Final dividend vs liquidating dividend
A final dividend is paid from a company’s current or retained earnings after a financial year’s performance has been evaluated. It signals healthy profitability and ongoing business operations. In contrast, a liquidating dividend is paid when a company is closing down or selling a substantial part of its assets, distributing proceeds to shareholders.While a final dividend is a sign of financial strength, a liquidating dividend indicates the cessation of business. The former is usually a recurring annual event, while the latter is a one-time occurrence tied to winding-up activities. Shareholders receiving a liquidating dividend may also be entitled to capital gains, depending on asset realisation. Final dividends are part of routine corporate governance, while liquidating dividends are part of corporate exit or restructuring events.

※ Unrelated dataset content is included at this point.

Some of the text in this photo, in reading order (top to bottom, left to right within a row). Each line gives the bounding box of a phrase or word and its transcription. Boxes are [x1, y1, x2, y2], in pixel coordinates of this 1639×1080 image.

Who will declare a final dividend?
The final dividend is declared by the company’s board of directors, but it becomes official only after receiving approval from shareholders at the annual general meeting. The board analyses the company’s annual financial statements and proposes a dividend amount based on profitability, retained earnings, and future capital requirements.Once proposed, the shareholders vote on the resolution during the AGM. If approved, the company proceeds with disbursing the final dividend. Regulatory compliance, tax considerations, and cash flow status also influence this decision. In listed companies, announcements regarding final dividends are made through stock exchange filings to ensure transparency and timely communication with investors.

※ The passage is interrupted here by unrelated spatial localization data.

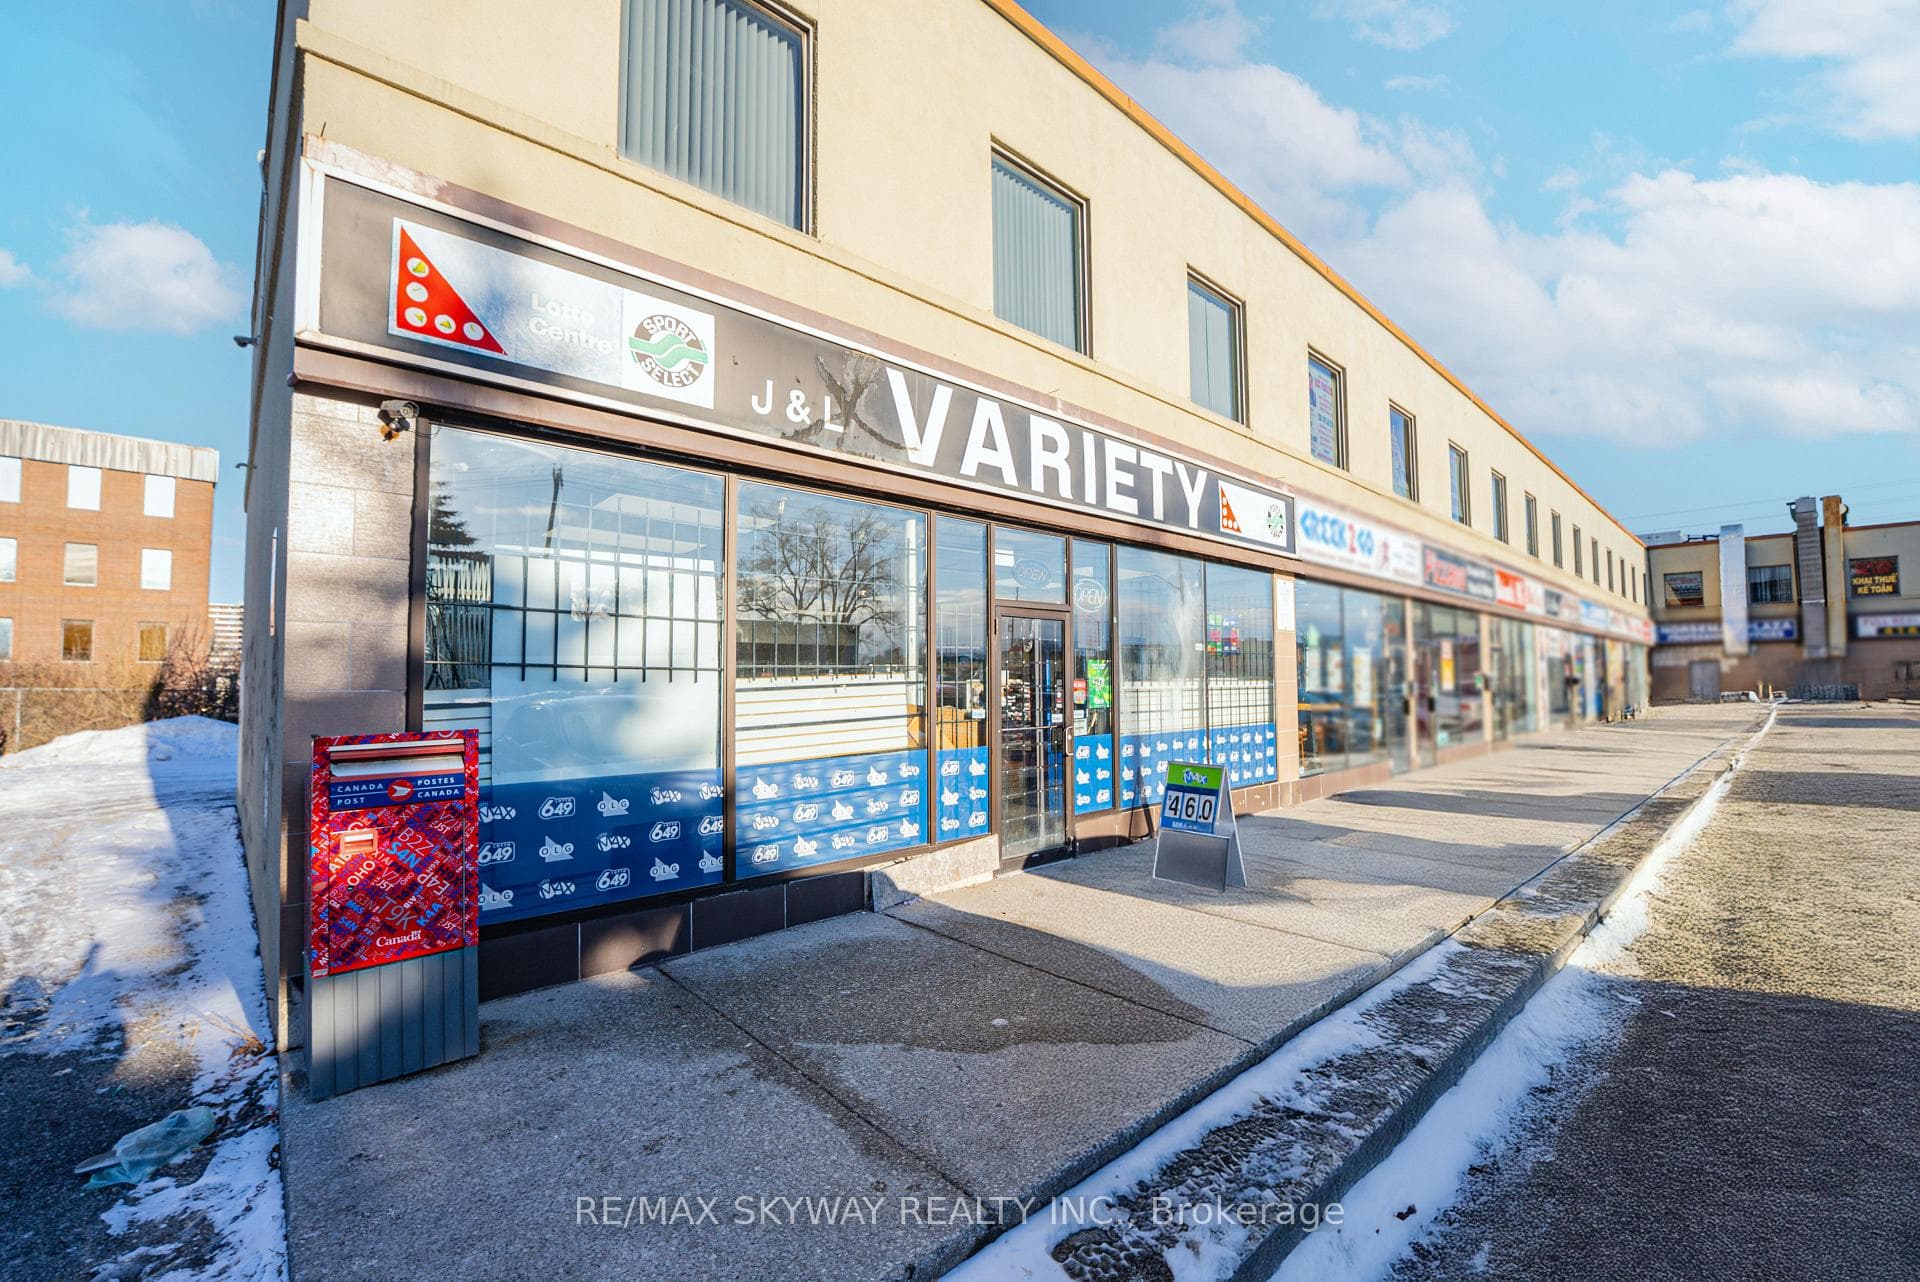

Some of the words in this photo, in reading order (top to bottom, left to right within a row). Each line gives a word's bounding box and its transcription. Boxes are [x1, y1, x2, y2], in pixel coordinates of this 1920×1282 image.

[529, 316, 612, 354] Centre
[642, 315, 697, 343] SPORT
[641, 357, 700, 387] SELECT
[751, 379, 774, 416] J
[786, 390, 812, 424] &
[825, 396, 845, 432] L
[886, 367, 1208, 530] VARIETY
[337, 783, 384, 793] CANADA
[417, 777, 455, 786] POSTES
[417, 788, 460, 798] CANADA
[337, 797, 366, 806] POST
[541, 800, 573, 818] 649
[597, 799, 630, 812] OLG
[652, 823, 678, 840] 649
[478, 845, 512, 863] 649
[539, 843, 574, 857] OLG
[650, 863, 680, 877] OLG
[599, 872, 628, 889] 649
[376, 931, 421, 947] Canada

When is the final dividend paid?
The final dividend is typically paid shortly after the annual general meeting, once shareholders approve the dividend proposal. In most cases, companies disburse the dividend within 30 to 45 days from the date of declaration. The record date is set to identify eligible shareholders entitled to receive the dividend.Payment is made via electronic credit to bank accounts linked with demat accounts or through physical cheques, depending on shareholder preferences. Investors must ensure they hold shares on the record date to receive the payout. The timing of the final dividend is subject to regulatory norms and is disclosed through official announcements made by the company.
Conclusion
The final dividend represents a company’s commitment to rewarding shareholders based on its annual financial performance. Declared at the end of the financial year and approved at the AGM, it serves as a clear indicator of financial stability, profitability, and governance transparency. Unlike interim dividends, the final dividend is based on audited results and provides a full-year earnings perspective.Investors often consider final dividends as a key metric when assessing dividend-paying stocks. While not guaranteed, a consistent history of final dividend payments reflects management’s confidence in the business outlook. Understanding its calculation, declaration process, and payment timeline helps shareholders anticipate income and make informed investment decisions.